This is an old revision of the document!


SCOUT-CAM: Remote Reconnaissance Rover

Introduction

SCOUT-CAM is a compact, dual-mode reconnaissance rover designed for inspecting hazardous, confined, or hard-to-reach indoor environments where human entry is unsafe, slow, or simply impractical. Typical use cases include:

  • Checking suspicious packages or unattended bags from a safe distance.
  • Surveying smoke-filled rooms before firefighter entry.
  • Inspecting crawl spaces and attics.
  • Scouting around collapsed furniture or shelving in search-and-rescue training exercises.
  • Looking for lost pets, leaks, or chewed cables in places a human cannot easily reach.

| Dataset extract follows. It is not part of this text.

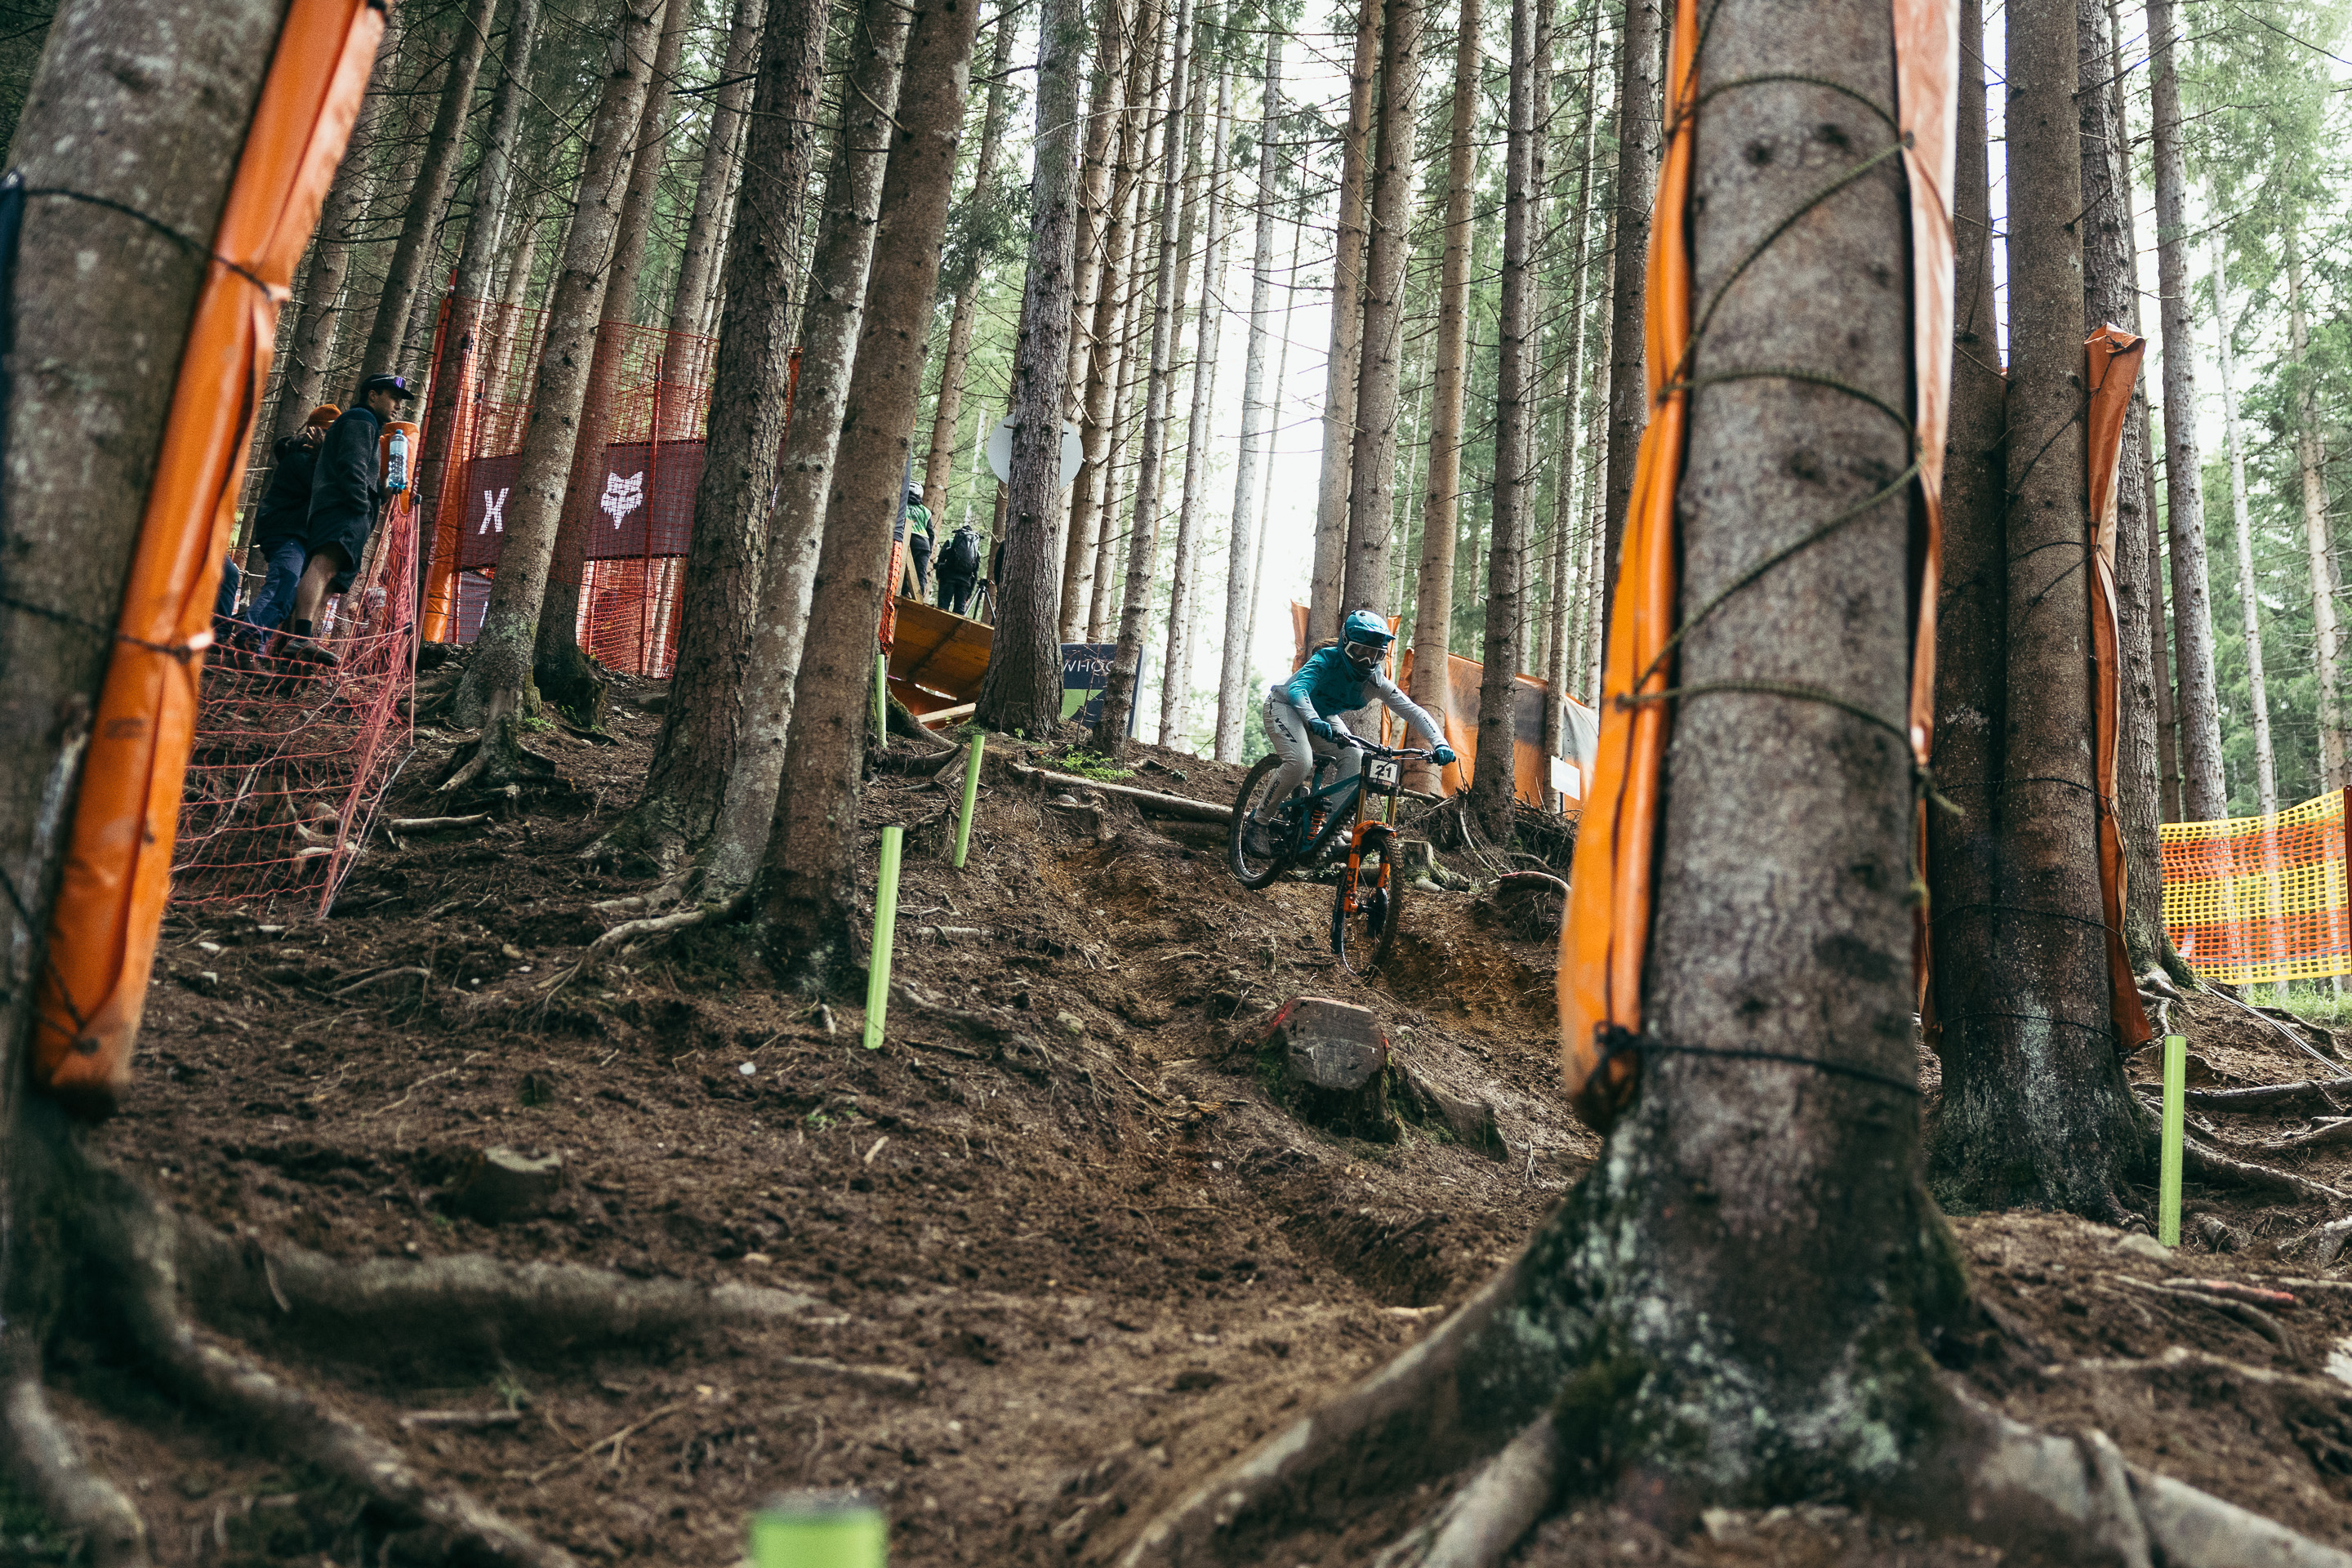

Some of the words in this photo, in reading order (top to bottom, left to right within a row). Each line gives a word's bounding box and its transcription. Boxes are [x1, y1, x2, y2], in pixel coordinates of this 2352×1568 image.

[478, 488, 510, 535] X
[1274, 717, 1298, 744] YETI
[1374, 764, 1392, 778] 21

The rover streams live video from an on-board ESP32-CAM and is steered with a Sony DualShock 4 controller. It seamlessly switches between two operating modes:

  • Tele-operated mode — the operator drives the rover and aims the camera using the PS4 controller's analog sticks.
  • Autonomous mode — when activated, the rover uses an ultrasonic sensor to avoid obstacles and continue exploring on its own, so it never freezes in a dangerous spot.

General Description

The system has three logical layers, separated by the communication medium they use:

  1. PS4 controller (Bluetooth) — provides the human interface. Left stick → forward/turn. Right stick → camera pan/tilt. Triangle button → toggle autonomous/manual mode. Cross button → emergency stop.
  2. Host computer (Wi-Fi) — receives controller events over Bluetooth, converts them into high-level commands and forwards them as HTTP Requests to the ESP8266 over a TCP socket. The same script also pulls the MJPEG video stream from the ESP32-CAM and displays it in a window for the operator.
  3. Rover (ESP8266 + ESP32-CAM) — the ESP8266 parses incoming commands, drives the L298N H-bridge and the two servos, samples the ultrasonic sensor, and runs the obstacle-avoidance state machine when in autonomous mode. The ESP32-CAM runs independently alongside it, doing nothing but serving the live camera feed over HTTP.

In manual mode the ESP8266 is essentially a translator: it turns network commands into signals for the servos and the DC motors. In autonomous mode it ignores the drive commands from the PC and instead runs a simple behaviour:

  1. Go forward.
  2. If an obstacle is detected within 20 cm, stop.
  3. Pan the camera left and right, take a distance reading at each side.
  4. Turn toward the side with more free space; resume forward motion.

The operator can take control back at any moment by pressing the mode-toggle button on the PS4 controller — useful when the rover gets stuck or makes a poor decision.

Hardware Design

To address the elephant in the room, the reason the PS4 controller input passes through the Host PC instead of going straight to the ESP32-CAM is that, because the module only has one available antenna, activating both Bluetooth (Classic) and WiFi at the same time would require handling allocating time slices to both protocols on the antenna. This isn't a problem on itself, but the video quality of the live feed (already pretty low) would take a nosedive, together with serious input lag for the controller inputs.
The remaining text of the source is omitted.